In this case, we need not address the validity of the warrant because Washington law authorized Jennings' arrest even without a warrant, on two distinct grounds. See United States v. Cox, 475 F.2d 837, 841 n. 2 (9th Cir.1973) ("[I]f the arresting officer himself originally had ample probable cause to arrest, the invalidity of the warrant would not be fatal to the government's cause."). First, Washington law authorizes community corrections officers, such as Lambert, to arrest or cause the arrest without a warrant of their supervisees for violations of their conditions of supervision. Wash. Rev.Code §§ 9.94A.631, 9.94A.740(1). The photographs of Jennings brandishing a handgun which was clearly loaded gave Lambert ample basis to believe that Jennings had violated the conditions of his supervision. Second, Washington police officers possess statutory authority to make. warrantless public arrests for felonies. Wash. Rev. Code § 10.31.100. Officer Cobane, one of the arresting Seattle police officers, had seen the photographs and knew that Jennings had prior felony convictions. This knowledge gave the officer probable cause to arrest Jennings for, the crime of being a felon in possession of a firearm (a felony under both state and federal law). See Wash. Rev.Code § 9.41.010(11)-(12); Wash. Rev.Code § 9.41.040(1); see also 18 U.S.C. § 922(g)(1).

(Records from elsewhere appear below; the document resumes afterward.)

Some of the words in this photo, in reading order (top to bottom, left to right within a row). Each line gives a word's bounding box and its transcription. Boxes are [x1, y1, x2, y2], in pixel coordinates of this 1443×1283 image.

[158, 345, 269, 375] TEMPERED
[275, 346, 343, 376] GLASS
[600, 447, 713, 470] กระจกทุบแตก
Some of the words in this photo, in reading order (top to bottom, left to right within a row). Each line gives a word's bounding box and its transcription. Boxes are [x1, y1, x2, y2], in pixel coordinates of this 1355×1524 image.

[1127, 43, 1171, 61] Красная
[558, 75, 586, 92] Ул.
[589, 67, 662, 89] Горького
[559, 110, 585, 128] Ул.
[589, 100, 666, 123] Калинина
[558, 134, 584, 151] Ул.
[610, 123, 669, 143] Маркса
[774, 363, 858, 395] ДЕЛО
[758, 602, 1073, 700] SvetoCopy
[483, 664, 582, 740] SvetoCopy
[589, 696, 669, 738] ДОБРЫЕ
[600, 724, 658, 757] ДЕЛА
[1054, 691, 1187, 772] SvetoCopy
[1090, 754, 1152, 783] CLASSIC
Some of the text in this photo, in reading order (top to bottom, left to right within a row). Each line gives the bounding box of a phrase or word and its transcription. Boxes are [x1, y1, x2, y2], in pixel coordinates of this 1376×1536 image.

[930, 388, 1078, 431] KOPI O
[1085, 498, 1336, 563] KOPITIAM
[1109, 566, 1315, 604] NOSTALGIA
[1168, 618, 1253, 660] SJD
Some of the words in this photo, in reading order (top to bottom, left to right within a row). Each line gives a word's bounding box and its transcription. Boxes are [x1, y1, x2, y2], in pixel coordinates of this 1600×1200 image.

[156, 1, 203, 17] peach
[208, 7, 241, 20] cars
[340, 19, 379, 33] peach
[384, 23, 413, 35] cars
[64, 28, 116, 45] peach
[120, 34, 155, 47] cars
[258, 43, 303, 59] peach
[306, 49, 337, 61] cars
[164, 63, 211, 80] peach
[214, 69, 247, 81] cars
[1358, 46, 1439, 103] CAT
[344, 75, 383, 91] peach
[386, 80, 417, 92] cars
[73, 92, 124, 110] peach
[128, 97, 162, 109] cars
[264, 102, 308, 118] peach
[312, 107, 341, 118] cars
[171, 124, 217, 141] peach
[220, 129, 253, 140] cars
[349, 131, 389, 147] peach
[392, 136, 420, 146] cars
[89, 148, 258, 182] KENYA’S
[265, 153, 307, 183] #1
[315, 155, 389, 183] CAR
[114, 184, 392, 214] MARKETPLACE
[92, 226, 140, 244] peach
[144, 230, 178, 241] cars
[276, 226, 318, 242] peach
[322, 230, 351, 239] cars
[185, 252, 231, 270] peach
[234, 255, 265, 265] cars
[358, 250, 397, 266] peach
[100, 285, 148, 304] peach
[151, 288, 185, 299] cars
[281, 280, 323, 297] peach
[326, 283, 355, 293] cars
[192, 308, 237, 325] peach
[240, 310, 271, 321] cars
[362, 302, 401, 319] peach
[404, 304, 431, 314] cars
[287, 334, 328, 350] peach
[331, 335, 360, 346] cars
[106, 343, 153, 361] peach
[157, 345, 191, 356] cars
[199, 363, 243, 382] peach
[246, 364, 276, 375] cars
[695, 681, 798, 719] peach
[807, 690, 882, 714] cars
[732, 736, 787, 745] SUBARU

Jennings' argument that his arrest was invalid under Washington law, and that the resulting search was unreasonable under the Fourth Amendment, fails. The district court did not err in denying his motion to suppress the fruits of the search incident to his arrest.

II. Motion to Suppress Statements

Jennings also contends that the district court should have suppressed the statements he made to the ATF agents on May 7, 2004, because those statements were obtained in violation of his rights under the Fifth Amendment. Jennings argues that because he was represented by counsel at that point, the federal agents could not properly question him unless Jennings himself initiated the conversation. Jennings claims that it was the federal agents who initiated communications with him, which rendered his subsequent waiver of his Fifth Amendment rights invalid. Our review of the voluntariness of a Miranda waiver is de novo, but we will not disturb the district court's underlying factual findings unless they are clearly...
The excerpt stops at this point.